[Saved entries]
───
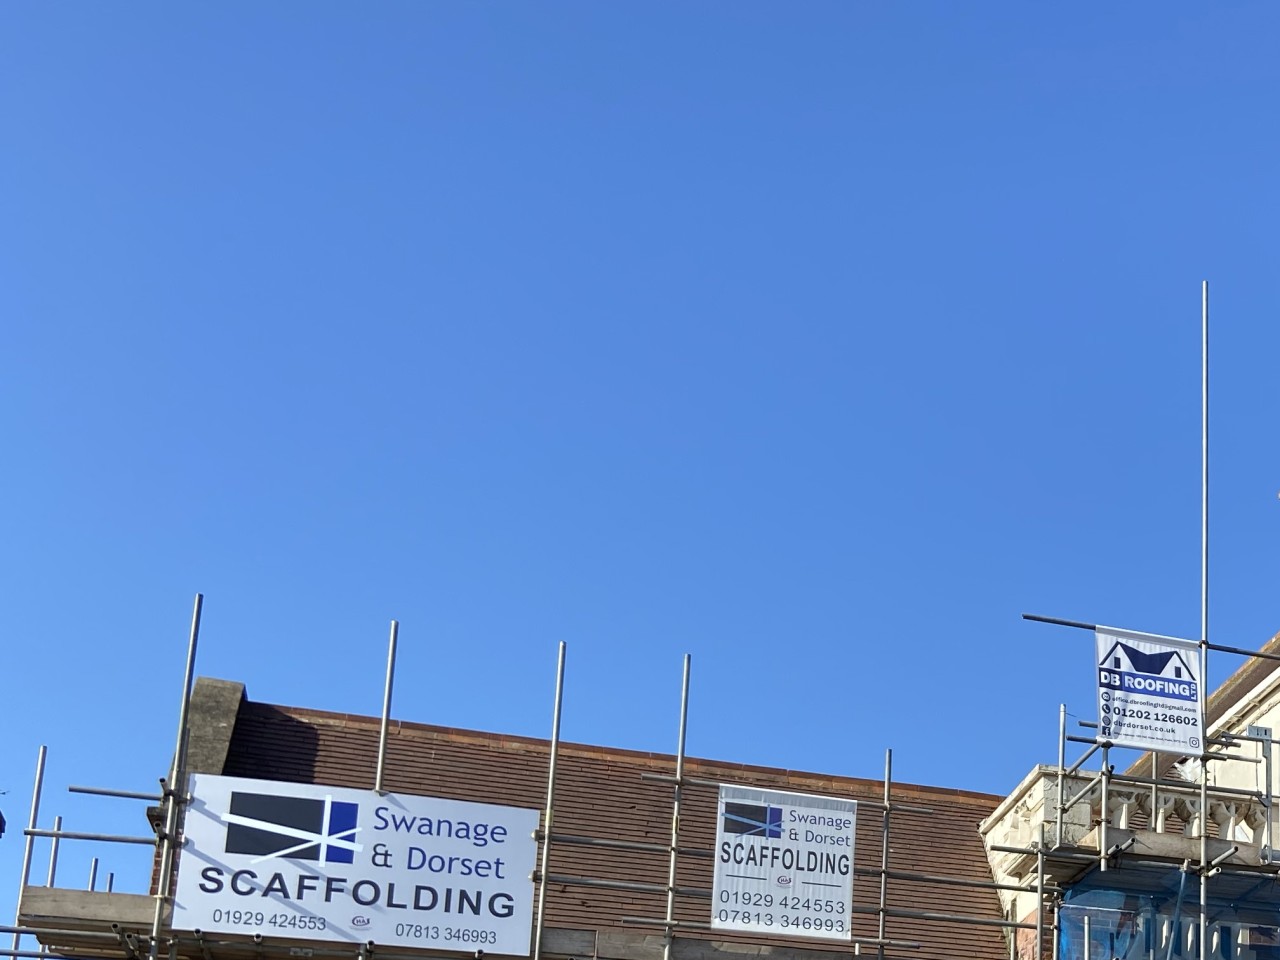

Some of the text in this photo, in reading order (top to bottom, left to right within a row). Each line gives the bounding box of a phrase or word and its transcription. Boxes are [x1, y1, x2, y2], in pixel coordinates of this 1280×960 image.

[1100, 671, 1190, 696] DB ROOFING
[1113, 707, 1198, 726] 01202 126602
[1114, 720, 1176, 734] dbrdorset.co.uk
[374, 806, 508, 847] Swanage
[790, 810, 852, 830] Swanage
[789, 828, 851, 847] & Dorset
[372, 843, 505, 879] & Dorset
[720, 842, 850, 876] SCAFFOLDING
[198, 867, 515, 918] SCAFFOLDING
[720, 890, 845, 914] 01929 424553
[213, 909, 326, 931] 01929 424553
[719, 909, 845, 932] 07813 346993
[396, 923, 497, 944] 07813 346993
───
▶ [What the task requires] Reproduce the records above exactly, excluding every picture.

▶ [Result of the task]
Some of the text in this photo, in reading order (top to bottom, left to right within a row). Each line gives the bounding box of a phrase or word and its transcription. Boxes are [x1, y1, x2, y2], in pixel coordinates of this 1280×960 image.

[1100, 671, 1190, 696] DB ROOFING
[1113, 707, 1198, 726] 01202 126602
[1114, 720, 1176, 734] dbrdorset.co.uk
[374, 806, 508, 847] Swanage
[790, 810, 852, 830] Swanage
[789, 828, 851, 847] & Dorset
[372, 843, 505, 879] & Dorset
[720, 842, 850, 876] SCAFFOLDING
[198, 867, 515, 918] SCAFFOLDING
[720, 890, 845, 914] 01929 424553
[213, 909, 326, 931] 01929 424553
[719, 909, 845, 932] 07813 346993
[396, 923, 497, 944] 07813 346993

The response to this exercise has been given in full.